In such scenario we can follow any of these steps to continue to build our projects with Maven.
Method 1:
Using System Scope
Add the jar file in the lib folder or the project and in pom.xml refer to the same as follows:
<dependency>
<groupId>CLFWrapper</groupId>
<artifactId>CLFWrapper</artifactId>
<version>1.0</version>
<scope>system</scope>
<systemPath>${basedir}\lib\CLFWrapper.jar</systemPath>
</dependency>
Method 2:
Adding the jar into local maven repository, and then referring the same in pom.xml
Browse to the directory where the jar is present and Run the following command on cmd prompt
mvn install:install-file -Dfile=CLFWrapper.jar -DgroupId=CLFWrapper -DartifactId=CLFWrapper -Dversion=1.0 -Dpackaging=jar
Note the groupId, artifactId and version you mention while adding the jar to local maven repository.

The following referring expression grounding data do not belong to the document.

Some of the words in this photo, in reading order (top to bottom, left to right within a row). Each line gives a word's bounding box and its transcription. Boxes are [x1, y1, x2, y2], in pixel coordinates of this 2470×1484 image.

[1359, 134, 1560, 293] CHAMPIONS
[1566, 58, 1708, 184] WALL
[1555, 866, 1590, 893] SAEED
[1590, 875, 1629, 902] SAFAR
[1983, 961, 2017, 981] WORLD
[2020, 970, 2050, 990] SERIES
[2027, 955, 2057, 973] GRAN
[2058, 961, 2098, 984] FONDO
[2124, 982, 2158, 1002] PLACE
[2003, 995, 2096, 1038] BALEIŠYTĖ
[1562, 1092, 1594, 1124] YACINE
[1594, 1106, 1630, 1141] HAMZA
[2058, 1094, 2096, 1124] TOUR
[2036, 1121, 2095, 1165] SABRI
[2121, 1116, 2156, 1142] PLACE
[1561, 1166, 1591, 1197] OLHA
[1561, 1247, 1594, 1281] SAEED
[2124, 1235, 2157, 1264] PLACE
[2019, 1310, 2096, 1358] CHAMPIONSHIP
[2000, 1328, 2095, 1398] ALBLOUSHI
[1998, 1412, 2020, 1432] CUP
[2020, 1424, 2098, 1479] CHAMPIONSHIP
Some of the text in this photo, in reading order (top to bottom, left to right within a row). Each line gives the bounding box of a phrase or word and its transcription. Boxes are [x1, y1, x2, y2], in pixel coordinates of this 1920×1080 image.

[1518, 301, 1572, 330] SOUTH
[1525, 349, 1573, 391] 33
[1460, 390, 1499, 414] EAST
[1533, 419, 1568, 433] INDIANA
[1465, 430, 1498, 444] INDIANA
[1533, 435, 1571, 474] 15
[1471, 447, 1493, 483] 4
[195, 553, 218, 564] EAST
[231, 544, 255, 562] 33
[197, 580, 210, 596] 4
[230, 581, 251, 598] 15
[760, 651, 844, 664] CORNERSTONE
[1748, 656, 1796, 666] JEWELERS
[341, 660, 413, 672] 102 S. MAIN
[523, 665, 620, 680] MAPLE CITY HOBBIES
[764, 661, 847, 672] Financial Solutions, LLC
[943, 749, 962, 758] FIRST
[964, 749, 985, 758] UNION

The same must be used in pom.xml as below:
<dependency>
<groupId>CLFWrapper</groupId>
<artifactId>CLFWrapper</artifactId>
<version>1.0</version>
</dependency>
While personally I feel, Method 2 is a cleaner way to do it since system scope dependency only get used in build and test and are not exported, which is otherwise possible for compile scope (the default scope for maven dependencies).